Article inédit – Jonas Follonier
La Fondation de l’Hermitage rouvre ses portes! Avec sa nouvelle exposition «Arts et cinéma», l’institution lausannoise met à l’honneur les liens évidents et non moins passionnants qui se tissent entre les arts plastiques d’un côté, et le cinéma de l’autre, des premiers films de la fin du XIXe siècle à la Nouvelle Vague. Un visiteur curieux et imaginatif remarquera également les relations que tissent ces disciplines avec d’autres domaines non exposés, mais implicitement convoqués, tels que la philosophie.
Le titre de l’exposition «Arts et cinéma», très efficace, est en même temps incomplet, voire trompeur. Déjà, parce que le cinéma, aux dernières nouvelles, EST un art. Pourquoi donc parler d’arts ET de cinéma? Mais ce n’est pas la première fois que les arts sont réduits par des officiels aux seuls arts plastiques, comprenez par-là la peinture, certes, mais aussi la sculpture, le dessin et la photographie. Après tout, ces endroits où l’on accroche diverses choses sont toujours appelées «musées d’art», appellation directement liée à la tradition des «beaux-arts», encore une curieuse expression faisant la distinction entre des formes d’arts qui ne seraient jamais belles et des formes arts qui le seraient toujours.

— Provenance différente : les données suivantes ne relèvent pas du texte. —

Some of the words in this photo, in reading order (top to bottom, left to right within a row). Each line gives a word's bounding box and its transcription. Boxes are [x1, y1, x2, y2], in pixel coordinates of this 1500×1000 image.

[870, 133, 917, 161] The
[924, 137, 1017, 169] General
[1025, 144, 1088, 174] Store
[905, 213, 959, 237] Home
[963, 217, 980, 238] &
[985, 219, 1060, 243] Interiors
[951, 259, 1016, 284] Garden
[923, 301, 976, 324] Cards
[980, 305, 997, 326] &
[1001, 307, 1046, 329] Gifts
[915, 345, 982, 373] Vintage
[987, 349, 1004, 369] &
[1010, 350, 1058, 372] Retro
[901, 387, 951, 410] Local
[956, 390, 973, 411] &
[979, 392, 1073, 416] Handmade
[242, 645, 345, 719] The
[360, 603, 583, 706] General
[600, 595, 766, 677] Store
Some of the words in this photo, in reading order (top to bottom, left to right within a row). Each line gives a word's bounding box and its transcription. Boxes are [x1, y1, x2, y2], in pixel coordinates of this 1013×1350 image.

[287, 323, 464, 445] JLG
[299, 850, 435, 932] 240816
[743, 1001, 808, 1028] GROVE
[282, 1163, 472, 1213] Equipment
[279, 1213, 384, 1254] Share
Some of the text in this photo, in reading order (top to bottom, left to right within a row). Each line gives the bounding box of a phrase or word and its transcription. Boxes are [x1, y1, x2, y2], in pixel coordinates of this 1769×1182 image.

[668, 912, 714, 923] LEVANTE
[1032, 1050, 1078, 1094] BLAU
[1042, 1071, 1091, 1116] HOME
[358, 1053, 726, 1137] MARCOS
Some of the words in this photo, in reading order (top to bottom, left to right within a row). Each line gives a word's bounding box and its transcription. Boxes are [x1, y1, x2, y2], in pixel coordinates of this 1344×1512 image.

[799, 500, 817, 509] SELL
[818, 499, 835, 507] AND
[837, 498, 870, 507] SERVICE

Mais passons sur cette boutade. Le titre «Arts et cinéma» – bien choisi, répétons-le – en appelle d’autres, dans la mesure où l’exposition focalise l’attention, et c’est normal, sur certaines formes d’art, justement, et non sur tous les arts. On remarquera par exemple que la musique est aux abonnés absents. Un jour, il serait intéressant d’aborder la question de ses correspondances avec d’autres arts tels que le cinéma, évidemment, mais aussi les arts plastiques traditionnels, justement. La présence dans une des salles de l’expo de l’affiche du film La dolce vita de Federico Fellini appellerait une question d’ordre très audacieux, très original et très populaire: la chanson éponyme du cinéphile Christophe, sortie dix-sept ans après l’œuvre de Maestro, en serait-elle inspirée? Appel lancé.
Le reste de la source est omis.